Gordon Fain

Gordon Fain

(310) 206-4281

A-222B, Jules Stein Eye Institute
100 Stein Plaza, UCLA
David Geffen School of Medicine
Los Angeles, CA 90095 Jules Stein Eye Institute
100 Stein Plaza, UCLA
David Geffen School of Medicine
Los Angeles, CA 90095

Affiliations

Distinguished Professor Emeritus, Integrative Biology and Physiology
Member, Brain Research Institute, Molecular, Cellular & Integrative Physiology GPB Home Area, Neuroscience GPB Home Area

Research Interests

Light falling on the retina excites a photopigment (rhodopsin), which then triggers an enzymatic cascade in the rod and cone photoreceptors . This cascade reduces the intracellular cGMP concentration and decreases the conductance of the photoreceptor plasma membrane. We use a variety of techniques, including intracellular and extracellular recording, patch-clamp, and fluorescent dye laser spot Ca2+ measurement, in order to understand how visual transduction is modulated by Ca2+ to produce adaptation to light and to darkness. We are also interested in mechanisms of photoreceptor degeneration during inherited retinal dystrophy in diseases like retinitis pigmentosa and Leber’s amaurosis. Our work has shown that continuous activation of the visual cascade is the cause of apoptosis in some of these disorders, and that cell death is probably triggered by a prolonged decrease in Ca2+ concentration.

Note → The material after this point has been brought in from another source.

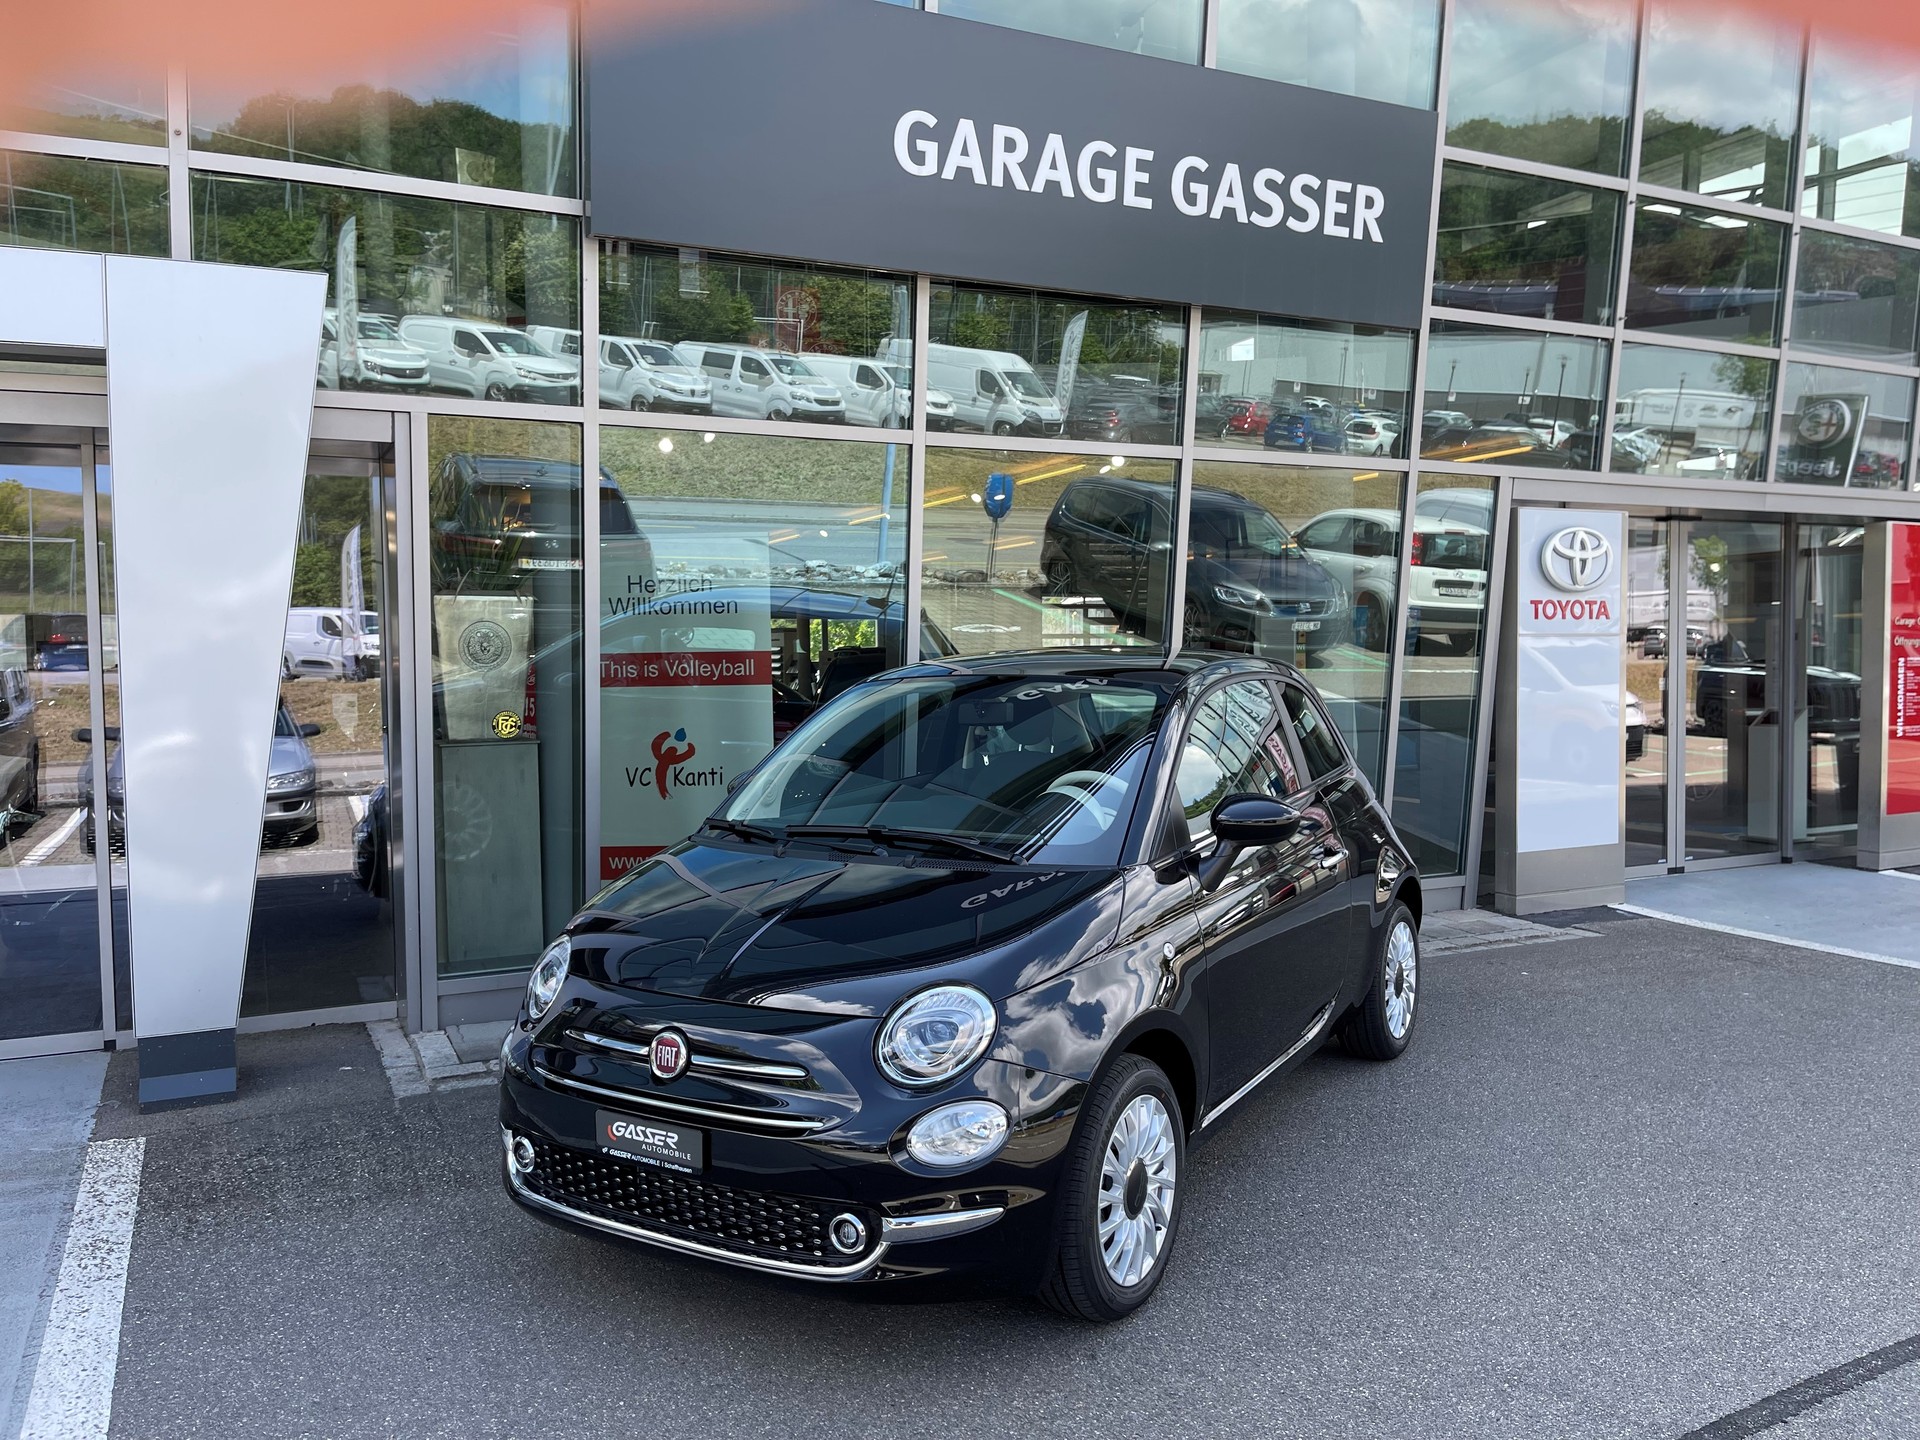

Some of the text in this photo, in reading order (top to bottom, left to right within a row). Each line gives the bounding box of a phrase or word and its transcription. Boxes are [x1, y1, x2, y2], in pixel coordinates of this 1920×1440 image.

Increases in Ca2+ can also trigger apoptosis–the photoreceptor regulates its Ca2+ concentration within a narrow range and uses a variety of protective mechanisms to prevent damage from constant light. Our studies are helping to define mechanisms of Ca2+ regulation that, for rods and cones, are literally a matter of life or death.

Biography

A vertebrate photoreceptor uses a G-protein receptor (rhodopsin) and a G-protein cascade to produce the electrical response that signals a change in light intensity. Powerful new techniques have made it possible to understand the working of this cascade in extraordinary detail. The reason for this is that practically every protein involved in the cascade in a photoreceptor, from the pigment molecule rhodopsin to the G-protein and channels, but including also a large number of control proteins, are expressed only in the photoreceptors and nowhere else in the body. This makes it possible with genetic techniques to create mice in which these proteins have been knocked out, over or under expressed, or replaced with proteins of modified structure. We use electrical recording to study the effects of such genetic alterations on the light responses of mouse rods and cones, in order to understand the role of these proteins in the visual cascade. We are especially interested in modulatory enzymes and their function in light and dark adaptation. We also have a long-standing interest in mechanisms of photoreceptor degeneration in genetically inherited disease.